North Korea and Russia are once again strengthening their anti-Western alliance, with the two nations this week announcing they're seeking closer diplomatic, business, and cultural ties.
"The Democratic People's Republic of Korea and the Russian Federation decided to make 2015... a year of friendship between the two countries," North's Korean Central News Agency (KCNA) was quoted as saying.
The announcement Wednesday came as the countries celebrated the 70th anniversary of the end of World War II, which both ended the Nazi occupation of Russia and freed North Korea from Japanese rule.
North Korea and Russia will "develop the bilateral relations onto a new higher stage in various fields, including politics, economy, and culture under a mutual agreement," KCNA said, according to South Korean English-language paper the Korean Herald.
Joint cultural events will reportedly be held in Moscow and Pyongyang, among other cities, as part of the tightening relations, while a series of diplomatic exchanges will also take place this year, including a planned visit to the Russian capital for North Korean leader Kim Jong-un in May.
Victor Cha, a Georgetown professor and senior advisor at the foreign relations think tank the Center for Strategic and International Studies, told VICE News that the latest rekindling of relations between the nations has a volatile history dictated by external developments and diplomatic declines.
"Our research says that whenever there's activity in North Korea-Russian relations, it's a pretty good indication that North Korean relations elsewhere — in six party nuclear talks, in inter-Korean talks, and with China — have dried up," he said. "It's a sign of how bad things are, but once any of those other channels start up, the Russia stuff just fades away."
Cha said that Russia's objectives in maintaining ties with North Korea are centered on largely commercial endeavors, including a long-term strategic goal to gain trading access to Asia and a warm water port in the North Korean city of Nagin through rail and land routes that run through the notoriously reclusive nation. Russia is currently looking at a $20 billion-plus deal dubbed the "Iron Silk Road" that would see Moscow revamping North Korea's rails in exchange for access to the country's mineral and natural resources.
"[The Russians] pursue those things in a very half-hearted fashion, in part because they understand the unreliability of their partner," said Cha, who is also a former National Security Council advisor in the George W. Bush administration. "One day, if Korea unifies, it will be profitable to run gas pipelines through Korea, through to east Asia, Siberia, and Europe."
In recent times, Moscow has sought to boost relations with a number of partners — including Beijing, Caracas, and Pyongyang — as it faces alienation from the rest of Europe and severe financial troubles following Western sanctions over the ongoing Ukraine conflict.
Cha outlined a number of other trade deals that underpin its relationship with North Korea, including export of forced slave labor to Russia, which is lucrative enterprise for both parties.
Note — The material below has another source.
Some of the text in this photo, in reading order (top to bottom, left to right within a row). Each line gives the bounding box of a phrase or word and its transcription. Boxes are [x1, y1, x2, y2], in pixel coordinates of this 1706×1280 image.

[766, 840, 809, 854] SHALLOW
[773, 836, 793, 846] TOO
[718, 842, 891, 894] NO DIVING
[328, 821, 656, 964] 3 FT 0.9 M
Defectors of the regime have previously told local media there are an estimated 20,000 North Korean workers in Russia toiling in logging or construction camps. Hundreds of thousands more are sent to work in labor camps across the globe, defectors have said.
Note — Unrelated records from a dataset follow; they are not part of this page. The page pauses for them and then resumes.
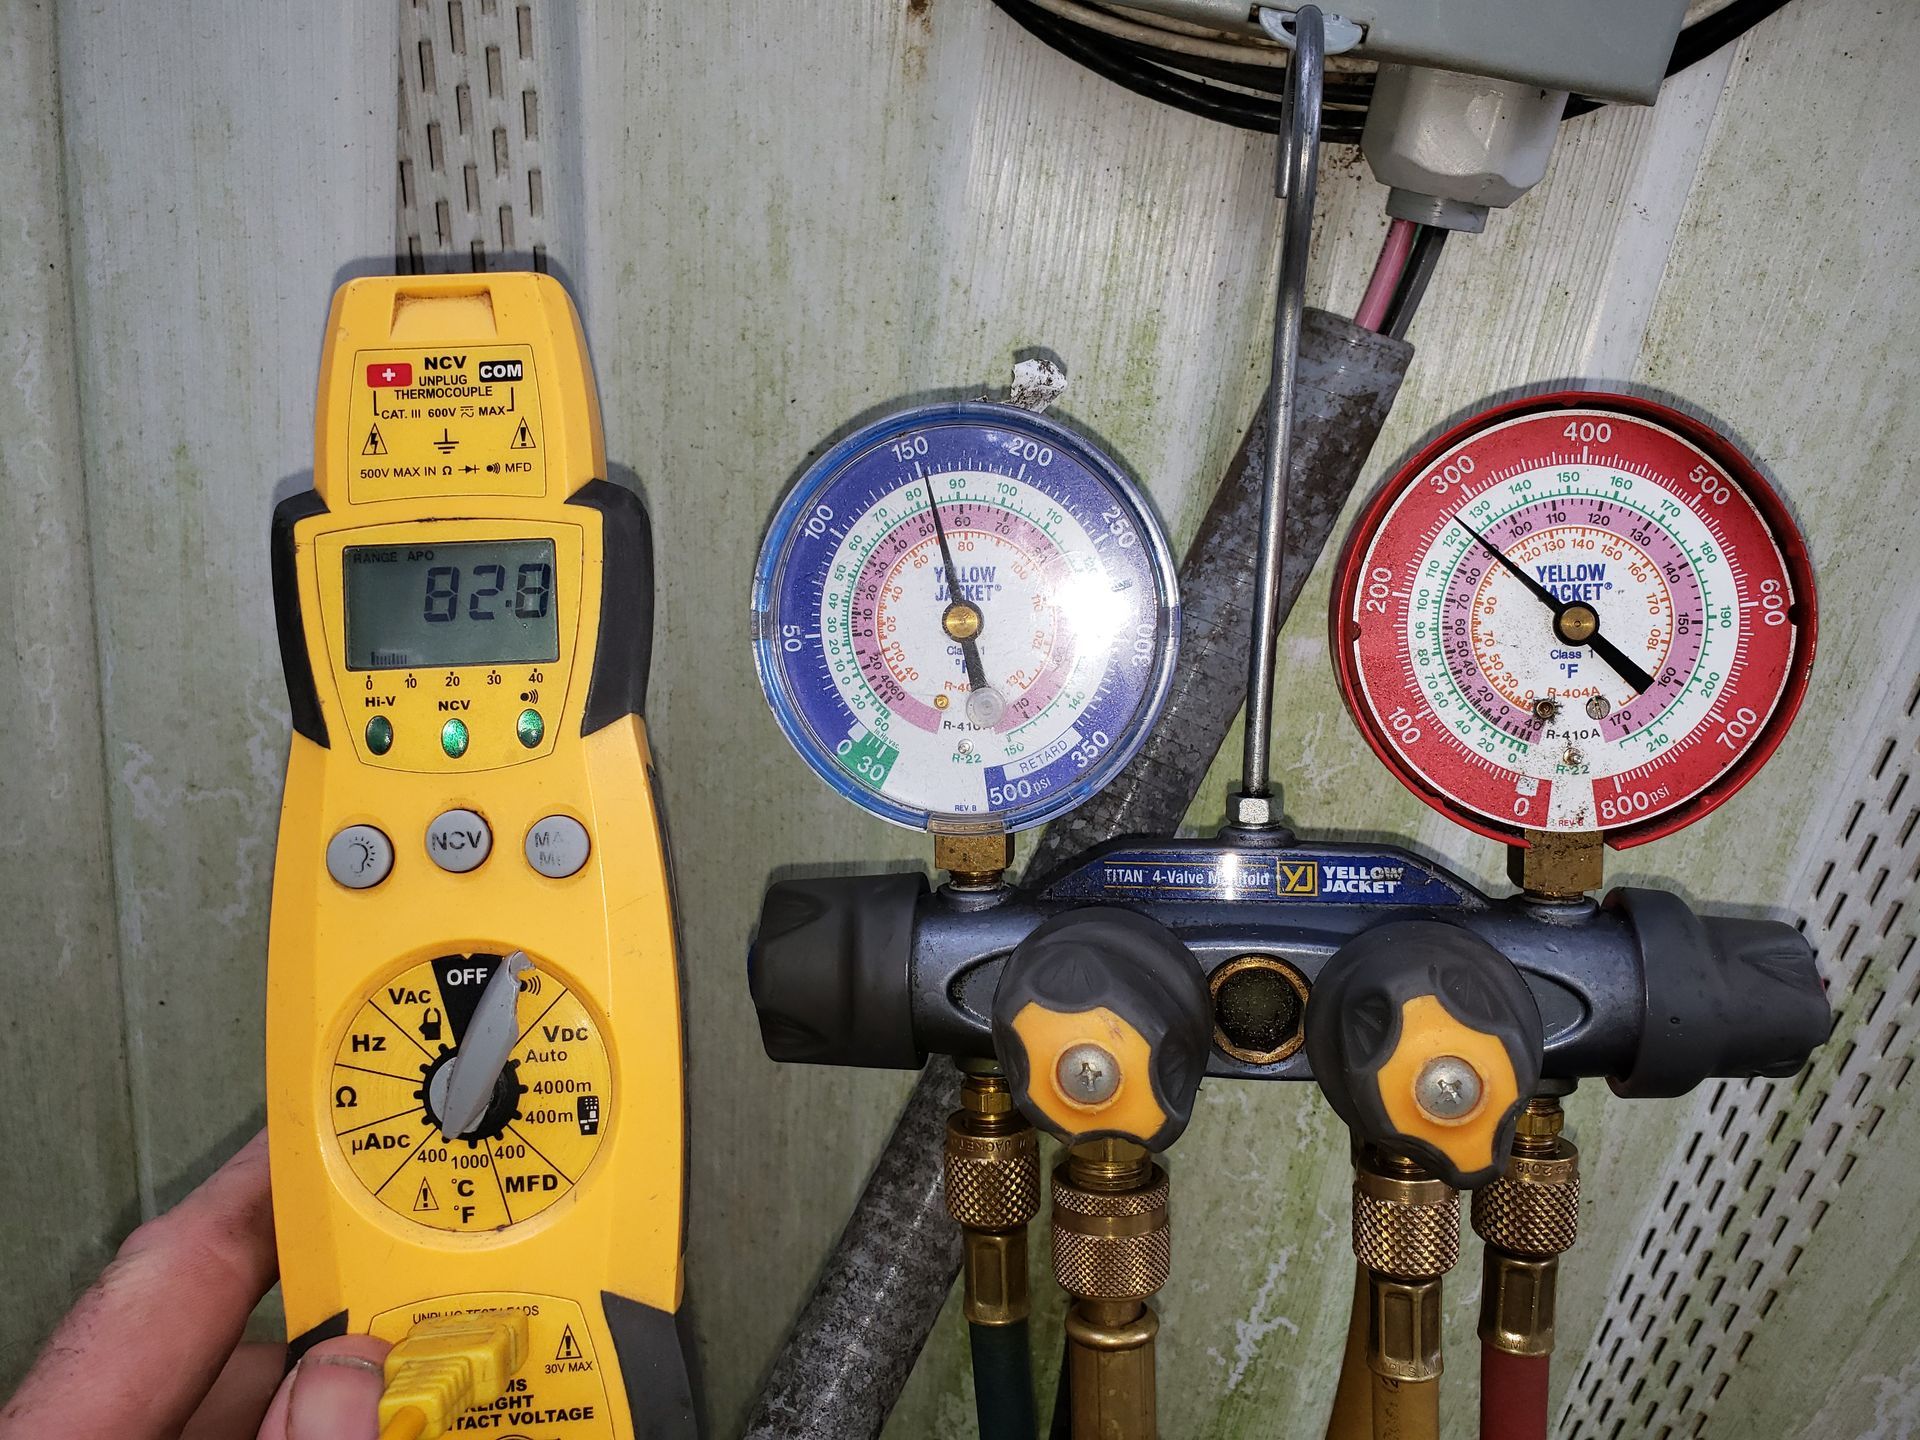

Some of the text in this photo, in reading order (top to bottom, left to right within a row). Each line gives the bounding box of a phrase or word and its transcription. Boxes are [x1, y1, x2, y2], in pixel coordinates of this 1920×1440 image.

[424, 356, 467, 370] NCV
[480, 365, 522, 378] COM
[419, 375, 467, 386] UNPLUG
[394, 386, 493, 400] THERMOCOUPLE
[381, 410, 408, 419] CAT.
[428, 408, 456, 417] 600V
[479, 406, 505, 416] MAX
[1563, 421, 1611, 443] 400
[892, 436, 928, 463] 150
[1008, 439, 1053, 467] 200
[360, 462, 532, 479] 500V MAX IN MFD
[1430, 455, 1475, 494] 300
[1557, 471, 1580, 483] 150
[949, 478, 966, 489] 90
[997, 482, 1018, 497] 100
[1508, 479, 1532, 496] 140
[1610, 475, 1633, 491] 160
[1688, 464, 1731, 505] 500
[905, 487, 922, 501] 80
[873, 507, 887, 521] 70
[1046, 507, 1063, 525] 110
[1468, 500, 1491, 519] 130
[1660, 499, 1681, 518] 170
[805, 504, 834, 540] 100
[955, 516, 971, 527] 60
[1546, 511, 1567, 525] 110
[1587, 512, 1611, 526] 120
[919, 524, 935, 537] 50
[994, 522, 1010, 535] 70
[1102, 506, 1136, 549] 250
[1509, 520, 1533, 539] 100
[849, 535, 863, 551] 60
[1442, 527, 1461, 549] 120
[1543, 538, 1566, 553] 130
[1571, 538, 1595, 551] 140
[1629, 527, 1651, 547] 130
[893, 540, 908, 554] 40
[1519, 546, 1541, 564] 120
[1601, 544, 1623, 561] 150
[1700, 541, 1717, 564] 180
[353, 551, 434, 564] RANGE APO
[834, 564, 847, 582] 50
[875, 561, 889, 578] 30
[1425, 560, 1440, 579] 110
[1466, 567, 1481, 586] 80
[1536, 563, 1606, 583] YELLOW
[1627, 561, 1647, 583] 160
[1662, 561, 1680, 584] 140
[424, 563, 551, 623] 82.8
[866, 584, 878, 601] 20
[1366, 567, 1392, 614] 200
[829, 593, 839, 610] 40
[1417, 589, 1430, 611] 100
[1456, 594, 1470, 610] 70
[1484, 597, 1498, 615] 90
[1646, 592, 1661, 615] 170
[1760, 578, 1786, 626] 600
[863, 609, 873, 622] 10
[1678, 611, 1690, 635] 150
[1720, 604, 1732, 628] 190
[827, 616, 836, 634] 30
[863, 629, 873, 637] 0
[1415, 621, 1425, 639] 90
[1455, 618, 1466, 636] 60
[782, 624, 802, 653] 50
[828, 639, 841, 655] 20
[1131, 624, 1154, 666] 300
[1483, 631, 1495, 647] 70
[1647, 628, 1661, 651] 180
[1418, 648, 1430, 666] 80
[1456, 640, 1469, 658] 50
[1550, 649, 1594, 659] Class 1
[834, 659, 845, 673] 10
[869, 654, 883, 670] 20
[1462, 660, 1477, 677] 40
[1489, 653, 1504, 671] 50
[366, 672, 543, 691] 0 10 20 30 40
[841, 676, 850, 685] 0
[881, 674, 894, 689] 40
[1424, 673, 1439, 690] 70
[1501, 672, 1519, 689] 30
[1657, 666, 1677, 688] 160
[1700, 671, 1720, 699] 200
[1433, 691, 1449, 709] 60
[1477, 685, 1494, 702] 20
[1525, 690, 1534, 700] 0
[1547, 686, 1600, 698] R-404A
[365, 696, 396, 707] Hi-V
[438, 700, 471, 711] NCV
[851, 694, 866, 710] 20
[1500, 705, 1510, 716] 0
[1609, 710, 1632, 727] 170
[874, 717, 889, 732] 60
[1388, 706, 1421, 745] 100
[1454, 718, 1471, 735] 40
[1524, 718, 1544, 731] 40
[1716, 707, 1757, 750] 700
[1546, 728, 1600, 740] R-410A
[1645, 733, 1669, 752] 210
[837, 739, 853, 755] 0
[1004, 742, 1025, 756] 150
[1071, 730, 1109, 768] 350
[1477, 738, 1494, 753] 20
[952, 753, 982, 764] R-22
[1020, 740, 1068, 774] RETARD
[1508, 753, 1517, 763] 0
[856, 756, 885, 781] 30
[1556, 764, 1589, 776] R-22
[1513, 798, 1530, 817] 0
[432, 831, 482, 851] NCV
[1153, 870, 1204, 885] 4-Valve
[1208, 871, 1270, 886] Mifold
[447, 967, 488, 986] OFF
[352, 1034, 387, 1052] Hz
[525, 1049, 568, 1064] Auto
[533, 1079, 592, 1094] 4000m
[525, 1109, 573, 1124] 400m
[417, 1148, 447, 1163] 400
[495, 1145, 526, 1159] 400
[451, 1154, 489, 1169] 1000
[505, 1174, 558, 1193] MFD
[545, 1361, 593, 1374] 30V MAX
[509, 1407, 594, 1425] VOLTAGE
The Hermit Kingdom has been heavily criticized for its human rights record, and late last year, the UN Security Council held a hearing on whether to refer the country to the International Criminal Court (ICC) for rampant abuses against its own people. China opposed the move, but the unprecedented hearing also spurred North Korea's foreign minister to seek meetings with Russian counterparts on a number of occasions to shore-up Moscow's support.
The new partnership has been forged as North Korea's relationship with its ally and longtime protector, China, is waning. For years, China has acted as patron to the smaller communist state, providing billions annually in much-needed aid — almost $7 billion in 2014 — and doubling trade, despite UN sanctions imposed to deter North Korean nuclear weapons testing and other acts of military aggression.
But after North Korea's third and latest nuclear test in 2013, Chinese president Xi Jinping denounced its ally's nuclear brinkmanship and joined in with calls from the UN and Western leaders for the nation to denuclearize.
Despite China's concerns about the North Korean leadership and regime, Cha said it is unlikely "the Chinese are going to turn back on their relationship with North Korea," as they "don't want the country to collapse," which would prompt further regional instability.
"[The relationship] is in this limbo, where they're not meeting or making agreements, but I don't think they're going to cut them off," he said. "It's like not digesting your food and not throwing it up, but having it sit there halfway uncomfortably."